Med schools are generally pretty coy about how long their alternate lists are. My researches on the subject (done school by school) have suggested that the alternate lists are about 40% of the enrollment. I’ll see if I can produce some links for you. As I say, it’s pretty much school by school.
Isn’t cui bono always the place to start? The answer is not the public.
Wrong Brett: To gain a medical license, you have to spend umteen years in school. To demonstrate knowledge and skill, all you have to do is take a test. As for licensing of engineers, I have personally contributed as an engineer to missiles, rockets, bombers, fighters and nuclear-weapons’ triggers for years without once having been licensed. Nor were any of the famous physicists who worked on the Manhattan Project, as far as I know.
Thomas Edison, Nickola Tesla, Henry Ford and the Wright Bros were not licensed, either.
Licensing is one of many factors that interfere with medical care, legal care and education in Amerika.
“If that’s not true they are prospectively admitting unqualified candidates. Unqualified candidates aren’t put on alternate lists—they’re rejected outright.”
That’s a hard point to argue with on its face. But let me fade the argument a bit. I recall, oh so many years ago, being put on a certain high ranking business school in Boston’s “waiting list,” but not following up because I was admitted to the best business school in America – the Mighty University of Chicago. There is pecking order at work here. But I digress……

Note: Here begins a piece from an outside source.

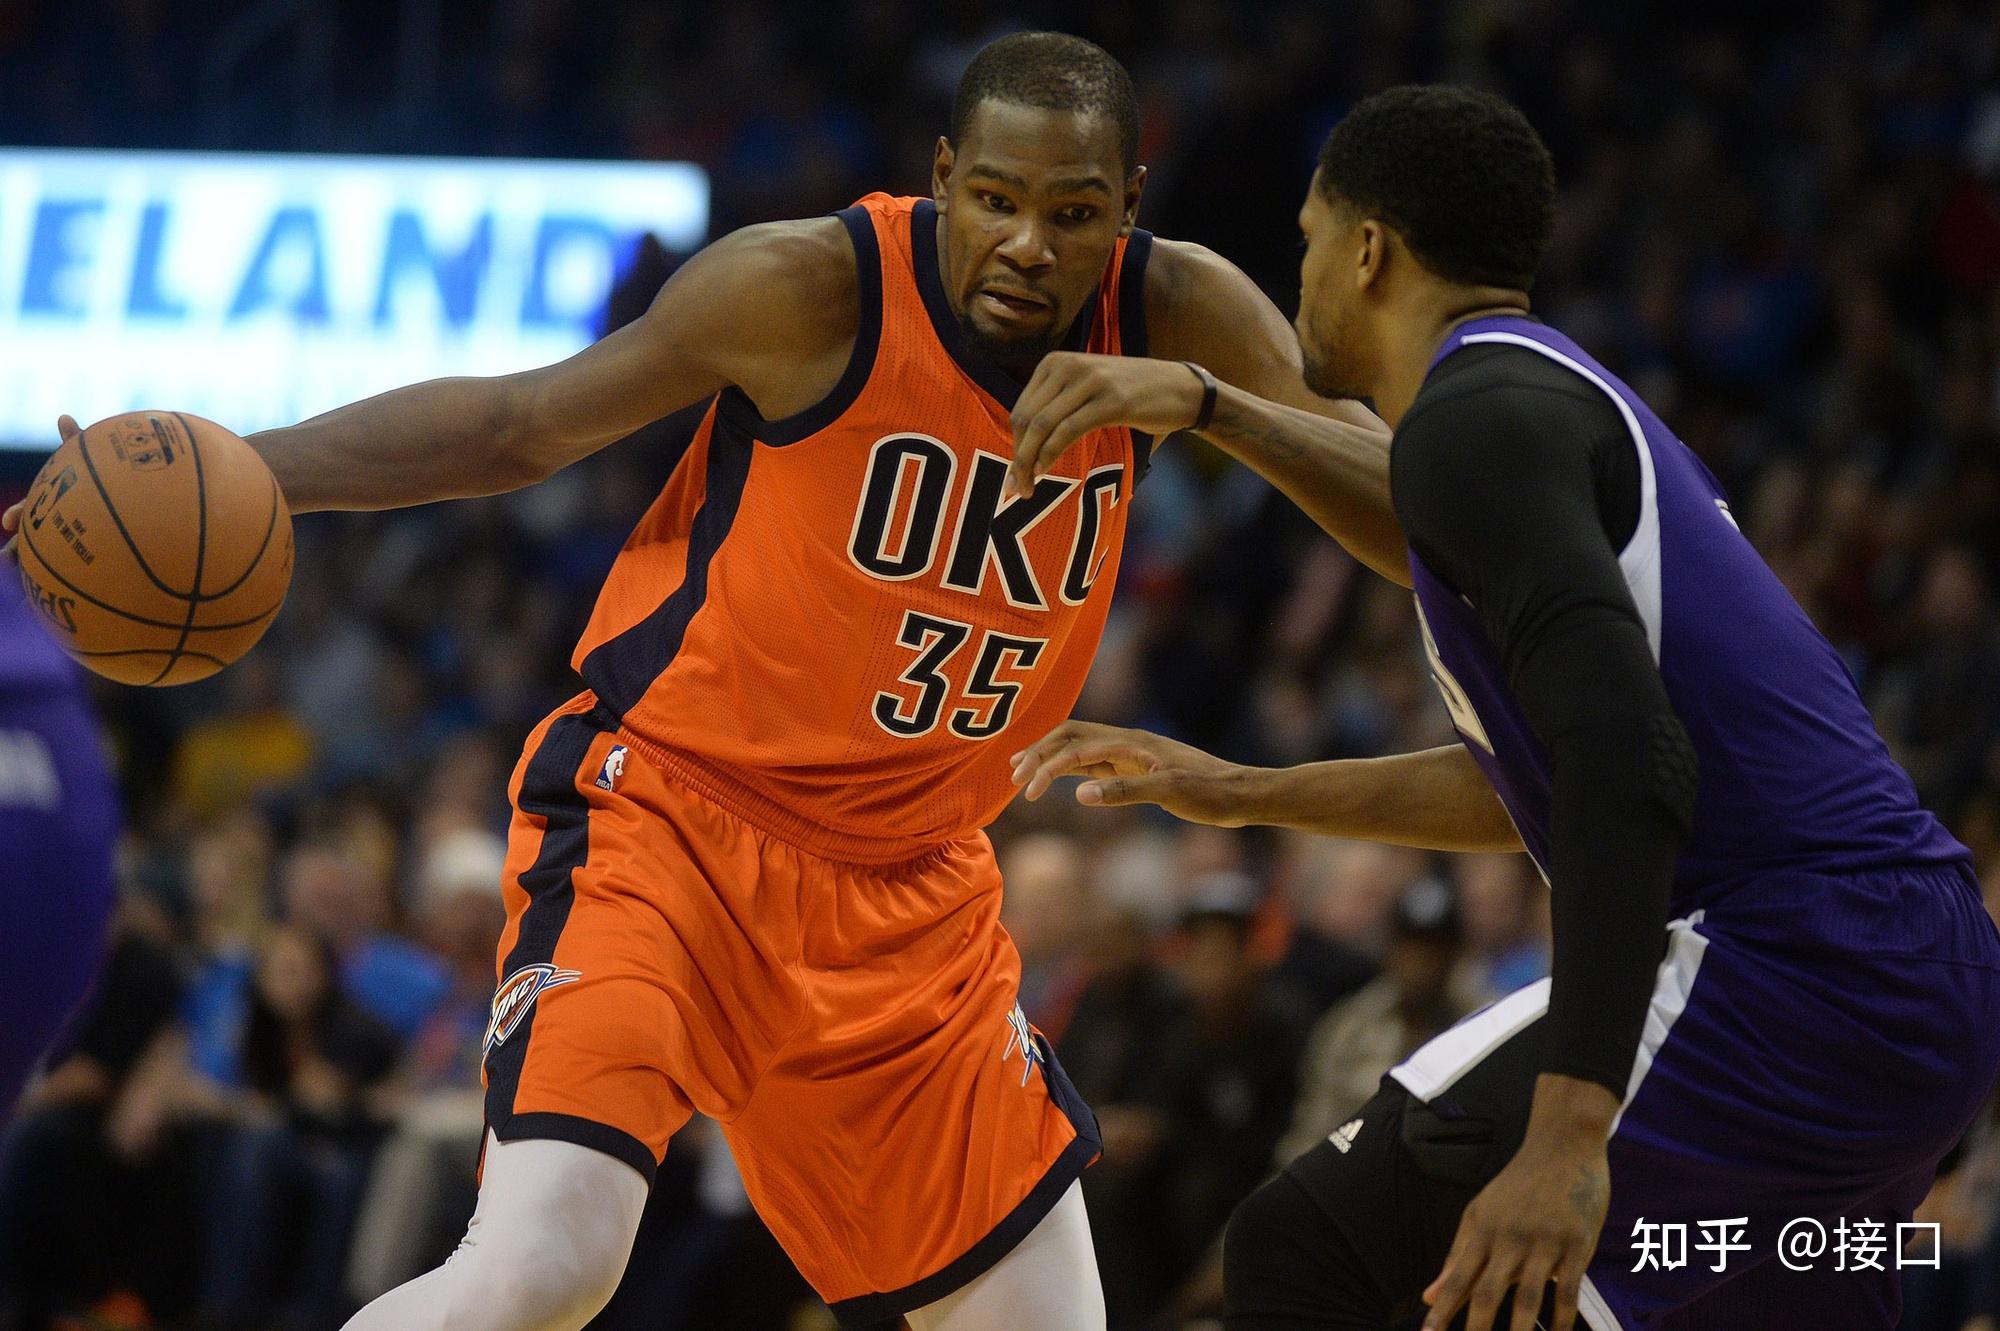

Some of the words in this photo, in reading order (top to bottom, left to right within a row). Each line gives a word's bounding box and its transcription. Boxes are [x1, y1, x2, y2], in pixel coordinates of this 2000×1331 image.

[847, 432, 1123, 611] OKC
[871, 609, 1049, 740] 35
[595, 778, 611, 790] NBA

More to the point. Certain schools want to retain the real or perceived aura of exclusivity. So let’s say Northwestern U med school has a waiting list, because they deem a candidate acceptable, but just not acceptable enought to make the current NU cut. It doesn’t follow that said waiting list candidate is not admitted to med school at all, just that they might end up at, say, Indiana University med school. And so this tiering process goes down the pecking order. The overall pool of med school candidates in not necessarily curtailed, its just arrayed in the pecking order of med schools.
The same could actually be said for any discipline, not just medicine. You might apply to Cal Tech or MIT engineering schools. You may be on an alternative list. You may or may not get into MIT. However, you may ultimately get accepted by Purdue University and become a fine engineer. (Having worked – in a prior life – with many MITers, I’d actually say a superior engineer. But again I digress.) There is no pervasive evil cabal to restrict the pool of engineers graduated in the US. And the fact that MIT or CalTech have waiting lists is not evidence of of same. Its just that there is a tiering admissions process.
So the issue ultimately devolves to: after those med school applicants on waiting lists at Chicago, Duke, Stanford, Northwestern, UCLA, Baylor etc eventually take slots at Indiana, North Carolina, UIC, Kansas etc……….are we really left with the impression that there is a vast pool of sparkling candidates qualified to go to Harvard Medical School but who, through admissions manipulation, have been denied the opportunity to go to medical school at all?
Methinks nmot. Theirs always Grenada, you know.